残留DNA检测试剂盒的使用步骤

　　残留DNA检测试剂盒是用于检测生物制品中残留 DNA 含量的工具，在生物制药等领域应用广泛。

　　残留DNA检测试剂盒主要基于荧光定量PCR(qPCR)技术，通过特异性引物和探针识别目标宿主细胞的DNA序列，在PCR扩增过程中监测荧光信号积累，实现对痕量DNA的定量检测。

　　操作流程：

　　样本前处理：使用磁珠法或离心柱法提取样本中的残留DNA，去除蛋白质、盐离子等杂质。

　　标准品稀释：用试剂盒提供的DNA稀释液将标准品进行梯度稀释，制备标准曲线。

　　配制反应体系：根据检测样本数量计算所需反应孔数，配制qPCR Master Mix和引物探针混合液。

　　加样：在96孔PCR板或专用qPCR微量反应管中加入反应混合液、空白对照、阴性质控、待测样本和标准品溶液。

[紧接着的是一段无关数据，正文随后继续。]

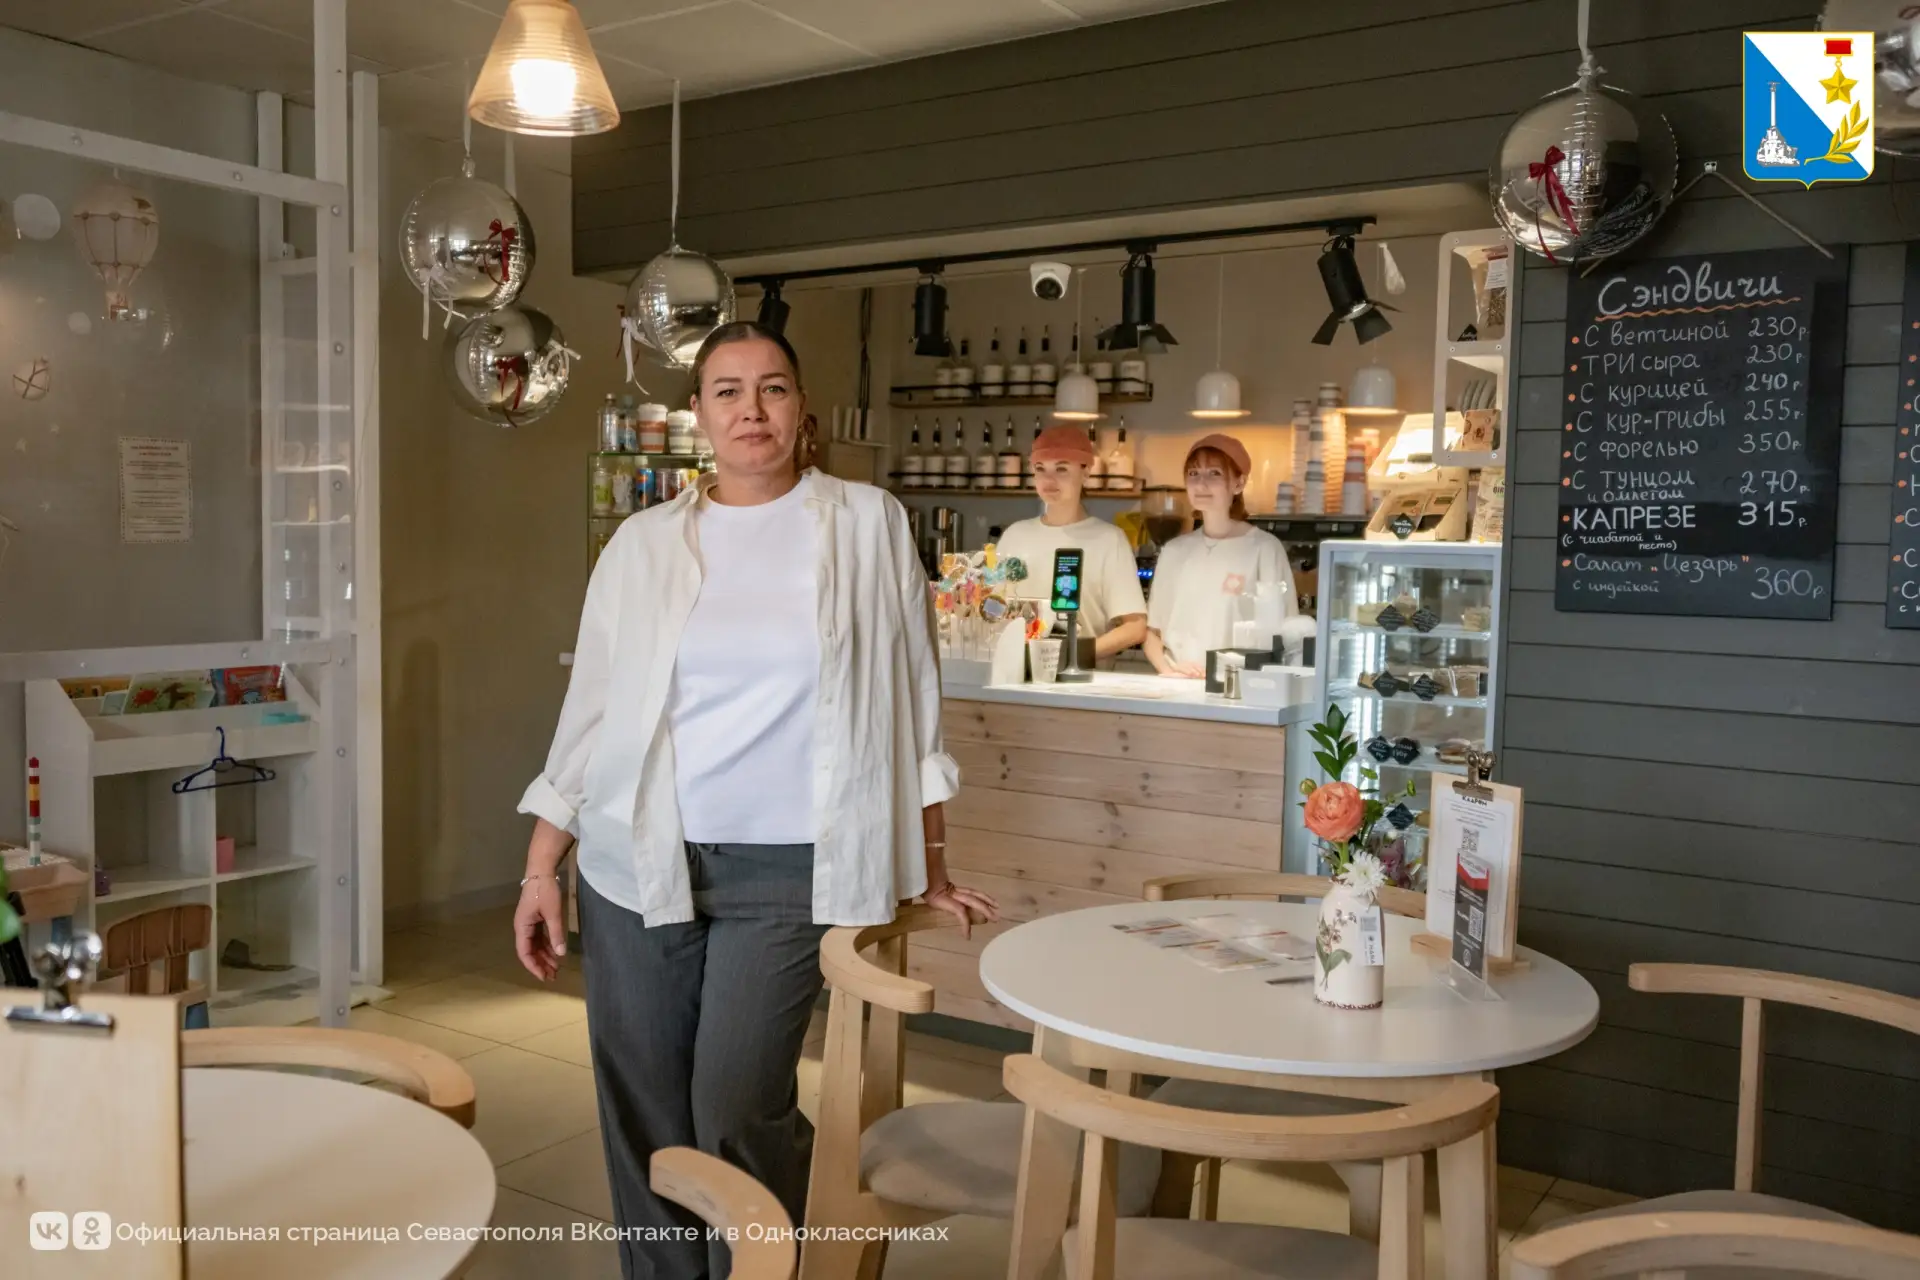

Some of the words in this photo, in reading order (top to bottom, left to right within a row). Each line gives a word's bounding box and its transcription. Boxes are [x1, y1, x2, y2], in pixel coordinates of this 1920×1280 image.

[1598, 261, 1783, 315] Сэндвичи
[1584, 324, 1600, 347] С
[1610, 320, 1730, 346] ветчиной
[1581, 353, 1635, 376] ТРИ
[1641, 353, 1701, 377] сыра
[1580, 382, 1595, 403] С
[1608, 379, 1709, 407] курицей
[1576, 410, 1593, 433] С
[1573, 441, 1588, 462] С
[1572, 469, 1587, 490] С
[1603, 488, 1685, 502] омлетом
[1573, 504, 1697, 530] КАПРЕЗЕ
[1574, 552, 1642, 572] Салат

　　上机检测：设置PCR反应程序，将反应板或反应管放入qPCR仪中进行检测。

　　结果分析：根据仪器自动判读或人工分析扩增曲线和标准曲线，计算待测样本中残留DNA的含量。

　　残留DNA检测试剂盒广泛应用于生物制药、疫苗生产、基因治疗等领域，用于检测重组蛋白药物、抗体药物、疫苗等生物制品中间品、半成品和成品中的宿主细胞DNA残留量。通过严格的质量控制，确保产品纯度和安全性，降低潜在免疫原性风险。